A group led by the UAF Upward Bound program has received a $2.1 million National Science Foundation grant to develop interest in science among low-income and first-generation-to-college high school students. The program will use unmanned aerial systems, 3-D printers and codable minicomputers to attract Upward Bound students to science, technology, engineering and math fields. The three-year effort, funded by the NSF’s Established Program to Stimulate Competitive Research, will include Upward Bound programs in 18 states and territories.


John Smelter, UAF’s degree completion academic advisor, and eLearning have created a partnership that helps students who have earned more than 100 credits (but are not close to finishing a degree) potentially earn an interdisciplinary degree with online courses. More than 50 people who started their degrees at UAF or elsewhere have expressed interest in the program.


Research presented on a wide range of topics at the University of Alaska Museum of the North during the 2016 Arctic Science Summit Week in Fairbanks has been published in a special volume on Arctic museum collections in the journal Arctic Science. Herbarium Curator Steffi Ickert-Bond edited the volume, "Arctic Museum Collections: Documenting and Understanding Changes in Biological and Cultural Diversity Through Time and Space.”


Christa Mulder, professor of plant ecology at the Institute of Arctic Biology, received the Imagination Library Champions for Children Award. The award recognizes extraordinary and exemplary service to children in the Fairbanks North Star Borough. Mulder created Fostering Science, a program dedicated to introducing children to the joys of science. The program is funded as part of a grant from the NSF to the Bonanza Creek Long Term Ecological Research Site.


UAF is now enrolling students in five fully online special education graduate programs. Four of these programs are designed specifically to help Alaska's teachers achieve their educational goals while continuing to work in their schools and communities. The fifth program, a Master of Education in special education, will accept enrollments from outside of Alaska.

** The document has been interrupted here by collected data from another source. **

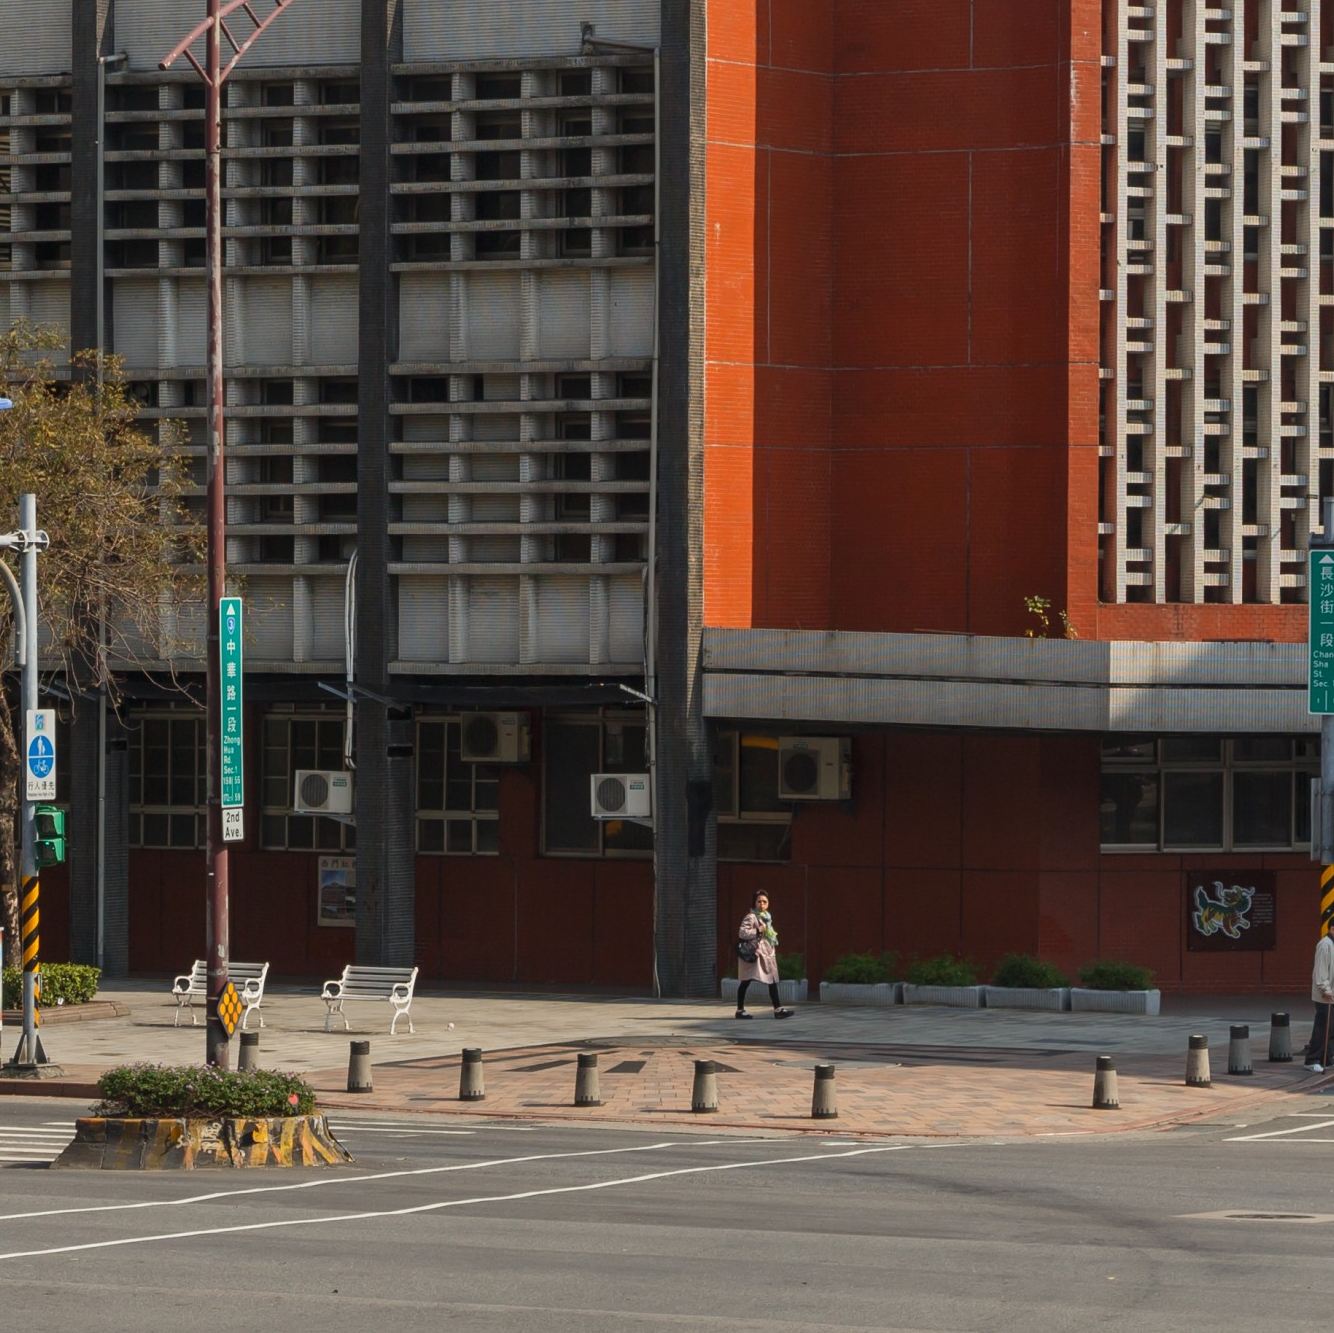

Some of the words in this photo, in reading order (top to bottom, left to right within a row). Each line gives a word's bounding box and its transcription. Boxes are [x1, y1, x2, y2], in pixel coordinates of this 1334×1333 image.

[1320, 566, 1334, 648] 長沙街一段
[226, 638, 236, 733] 中華路一段
[224, 736, 241, 746] Zhong
[226, 812, 240, 822] 2nd
[225, 828, 242, 838] Ave.

Katherine Arndt, the Rasmuson Library’s Alaska and polar regions bibliographer and curator of rare books and maps, will lecture Nov. 16 at the Anchorage Museum as part of the Cook Inlet Historical Society’s series “150 Years: Defining Moments in the Great Land.” Arndt, a prominent scholar of the Russian period in Alaska’s history, will discuss social services in Russian Alaska on the eve of its transfer to U.S. ownership 150 years ago.


Alaska Sea Grant Marine Advisory agent Torie Baker and Jerry Dzugan of the Alaska Marine Safety Education Association trained 13 fishermen and mariners in their first step earning Coast Guard-approved safety certification. The five-day training to become commercial fishing vessel safety drill conductors and AMSEA-certified water safety instructors occurs twice a year.

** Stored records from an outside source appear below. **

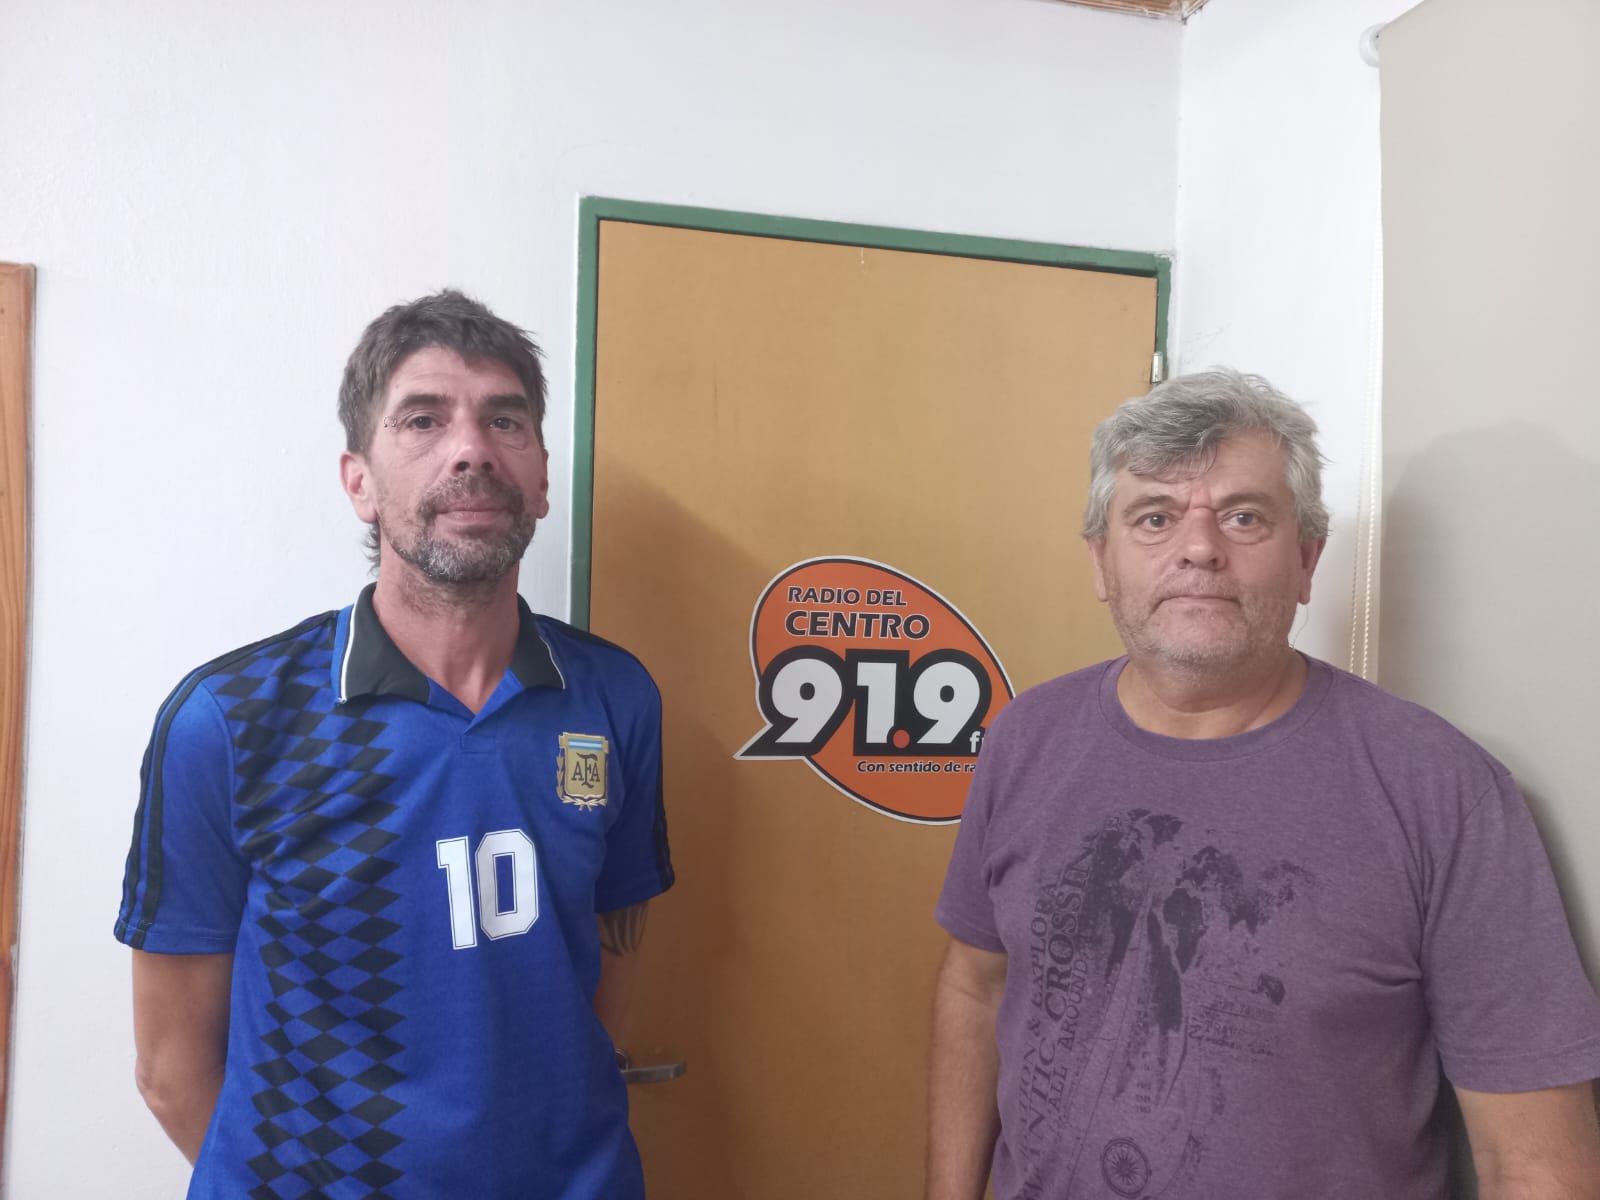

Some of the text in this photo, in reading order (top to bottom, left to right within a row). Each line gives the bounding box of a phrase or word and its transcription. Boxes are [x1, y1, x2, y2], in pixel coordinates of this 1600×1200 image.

[788, 586, 907, 606] RADIO DEL
[785, 611, 930, 639] CENTRO
[760, 653, 983, 751] 91.9
[969, 730, 984, 753] f
[571, 752, 601, 788] AFA
[857, 761, 885, 773] Con
[888, 761, 940, 773] sentido
[944, 761, 960, 773] de
[436, 828, 539, 950] 10
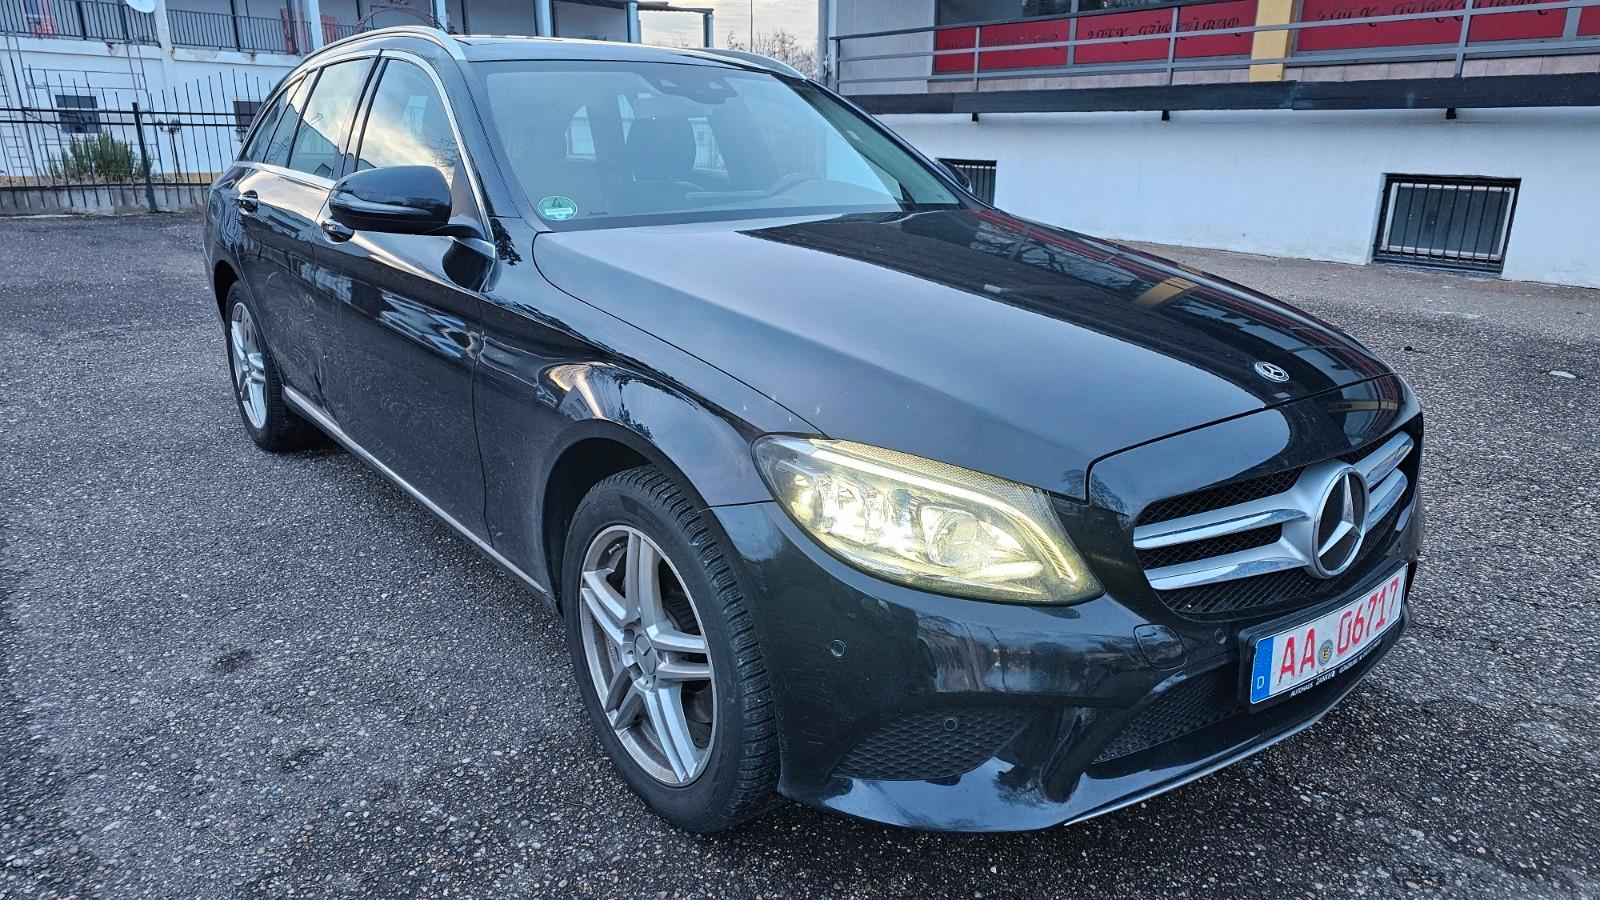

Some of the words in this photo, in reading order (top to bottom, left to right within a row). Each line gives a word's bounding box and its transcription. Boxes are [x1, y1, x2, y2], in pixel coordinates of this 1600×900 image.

[1278, 627, 1316, 684] AA
[1336, 576, 1400, 656] 06717
[1256, 675, 1265, 690] D

UAF celebrated Indigenous Peoples Day for the first time with a community celebration at the Fairbanks campus on Oct. 9. Events included a blessing at Troth Yeddha’ Park, a panel discussion, Alaska Native dance performances, a screening of the film “Kiuguyat: The Northern Lights,” and informational and artisan booths.


KUAC will welcome hundreds of community members, alumni, faculty, staff and students during its Fall Fundraiser Oct. 14-22. For 12-14 hours a day, volunteers will invite listeners and viewers to help support public broadcasting. Listeners will be able to hear the fun and frivolity on KUAC FM 89.9 as volunteers go about their serious business.

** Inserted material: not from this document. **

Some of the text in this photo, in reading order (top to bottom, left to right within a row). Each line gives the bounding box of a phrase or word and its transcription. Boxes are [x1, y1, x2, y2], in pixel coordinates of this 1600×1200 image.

Georgina Gibson, research assistant professor at the International Arctic Research, received a Track-4 fellowship from the NSF’s EPSCoR program. The award will fund a collaboration with Los Alamos National Laboratory in New Mexico to improve modeling of dissolved organic matter at the Arctic land-ocean interface.


Professor of animal science Milan Shipka and a multistate agricultural research group he leads have received a Western Region Excellence in Research Award. Only one multistate research group is honored regionally each year. The research team studies the reproductive physiology of domestic ruminants. Members come from 34 states, from Florida to Alaska. A committee that includes Western region experiment station and Extension directors chose the top project.